◆ Work task ◆
Print the listing as it stands, omitting all images.

◆ Provided records ◆
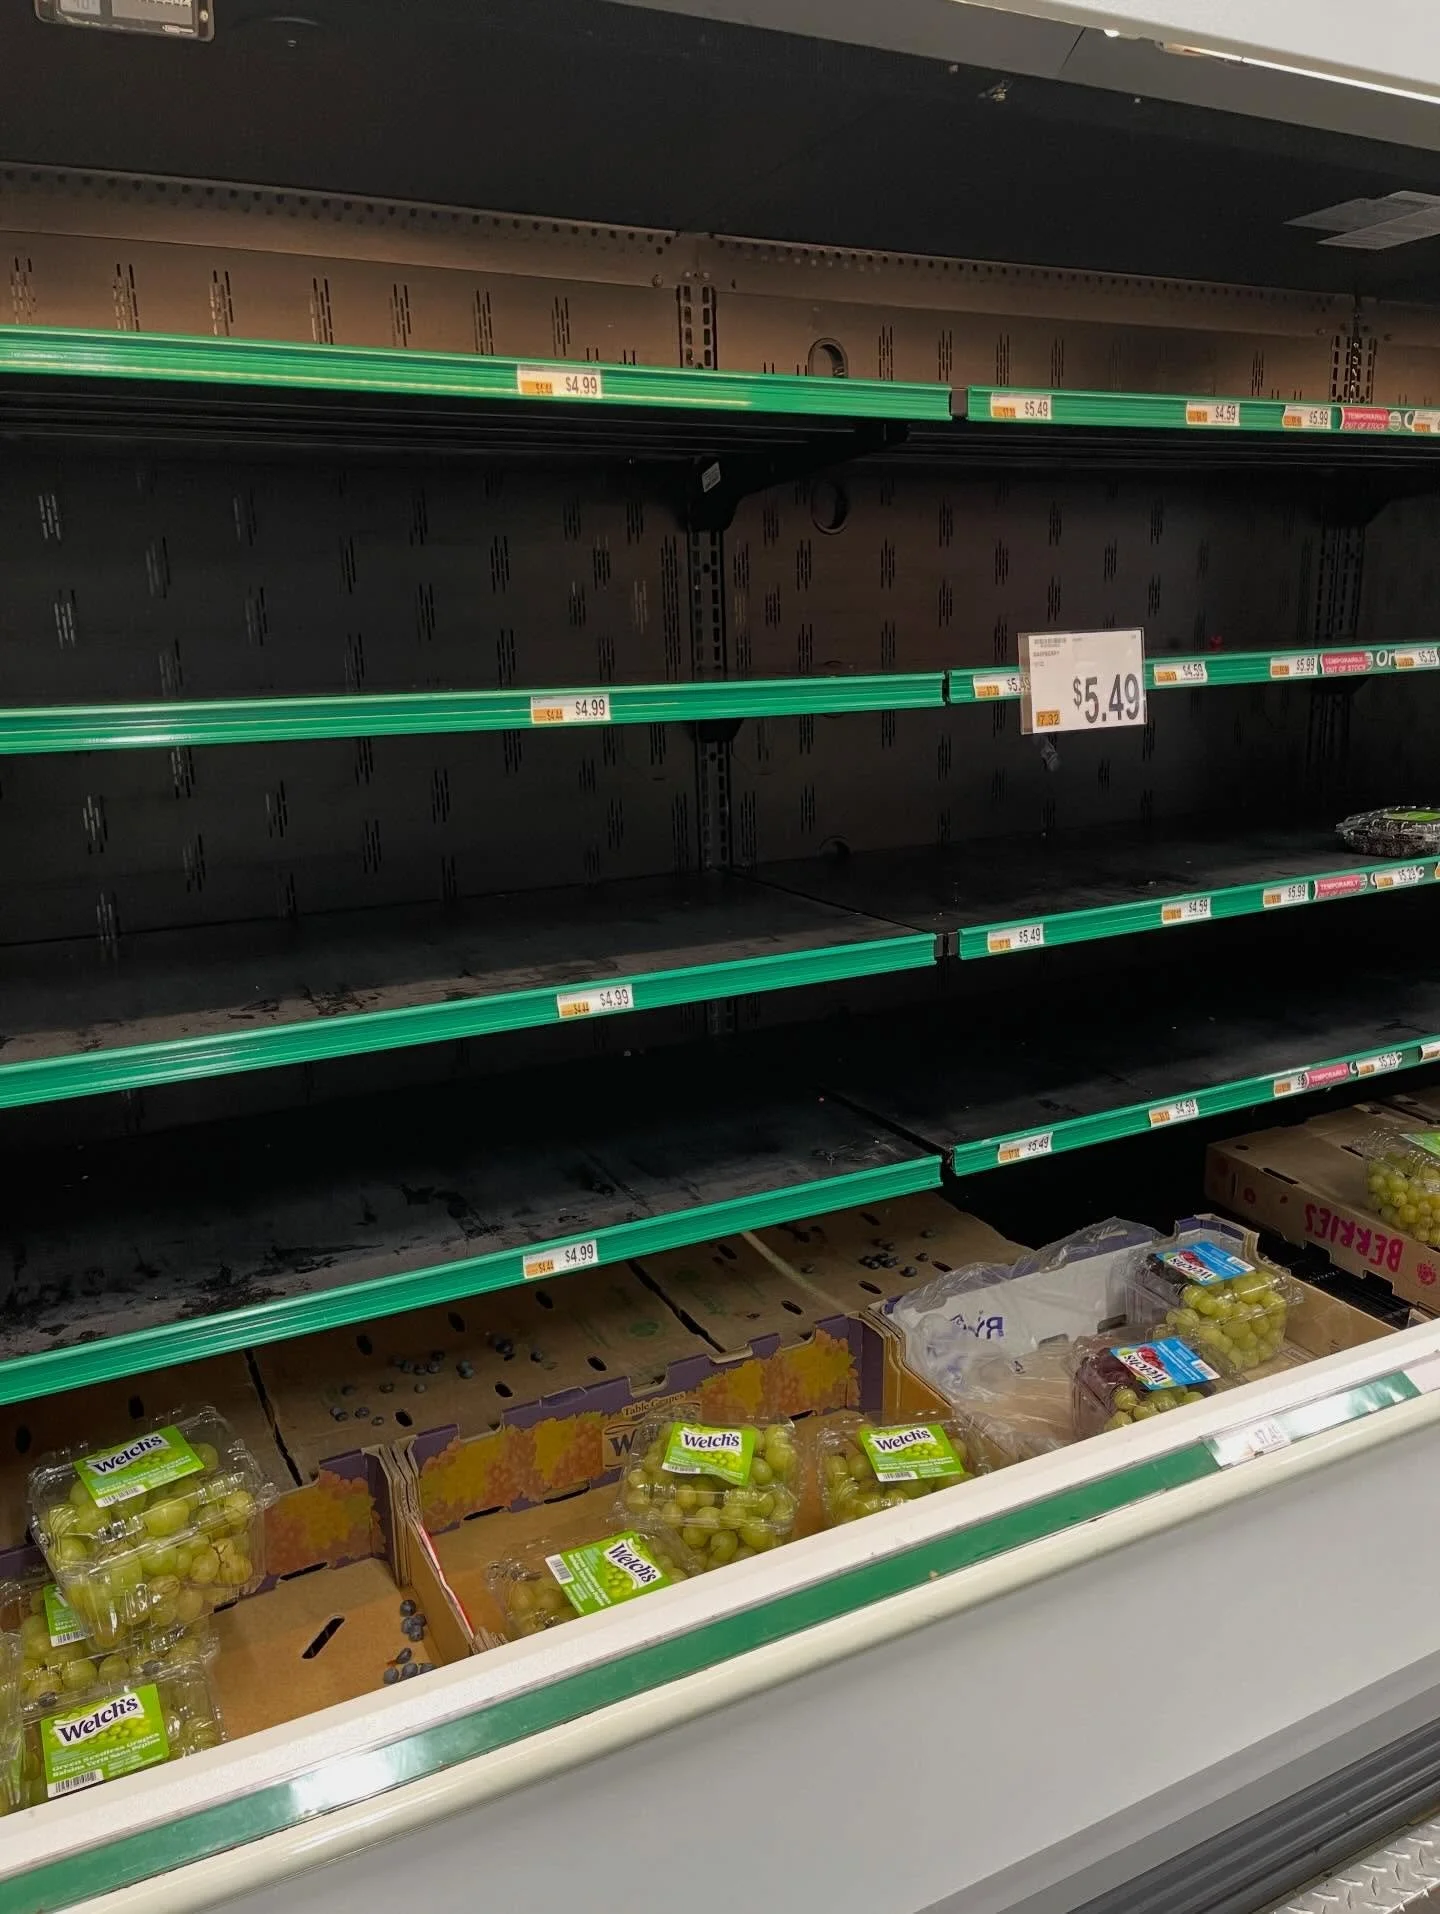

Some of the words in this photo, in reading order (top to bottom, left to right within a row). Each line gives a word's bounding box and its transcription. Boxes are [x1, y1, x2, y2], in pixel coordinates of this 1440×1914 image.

[565, 376, 598, 395] $4.99
[1025, 402, 1048, 417] $5.49
[1215, 406, 1236, 421] $4.59
[1309, 411, 1329, 426] $5.99
[1182, 664, 1204, 677] $4.59
[1296, 658, 1315, 672] $5.99
[1073, 673, 1140, 724] $5.49
[576, 698, 606, 718] $4.99
[1288, 885, 1306, 899] $5.99
[1189, 899, 1208, 913] $4.59
[1019, 928, 1041, 943] $5.49
[600, 988, 629, 1007] $4.99
[1175, 1100, 1195, 1114] $4.59
[1028, 1136, 1049, 1151] $5.49
[1305, 1203, 1404, 1272] BERRIES
[565, 1244, 594, 1263] $4.99
[1123, 1353, 1168, 1384] Welch's
[624, 1399, 650, 1416] Table
[683, 1432, 740, 1450] Welch's
[875, 1430, 930, 1451] Welch's
[94, 1435, 163, 1473] Welch's
[608, 1542, 657, 1584] Welch's
[58, 1696, 138, 1743] Welch's

◆ Solution to this problem ◆
Some of the words in this photo, in reading order (top to bottom, left to right within a row). Each line gives a word's bounding box and its transcription. Boxes are [x1, y1, x2, y2], in pixel coordinates of this 1440×1914 image.

[565, 376, 598, 395] $4.99
[1025, 402, 1048, 417] $5.49
[1215, 406, 1236, 421] $4.59
[1309, 411, 1329, 426] $5.99
[1182, 664, 1204, 677] $4.59
[1296, 658, 1315, 672] $5.99
[1073, 673, 1140, 724] $5.49
[576, 698, 606, 718] $4.99
[1288, 885, 1306, 899] $5.99
[1189, 899, 1208, 913] $4.59
[1019, 928, 1041, 943] $5.49
[600, 988, 629, 1007] $4.99
[1175, 1100, 1195, 1114] $4.59
[1028, 1136, 1049, 1151] $5.49
[1305, 1203, 1404, 1272] BERRIES
[565, 1244, 594, 1263] $4.99
[1123, 1353, 1168, 1384] Welch's
[624, 1399, 650, 1416] Table
[683, 1432, 740, 1450] Welch's
[875, 1430, 930, 1451] Welch's
[94, 1435, 163, 1473] Welch's
[608, 1542, 657, 1584] Welch's
[58, 1696, 138, 1743] Welch's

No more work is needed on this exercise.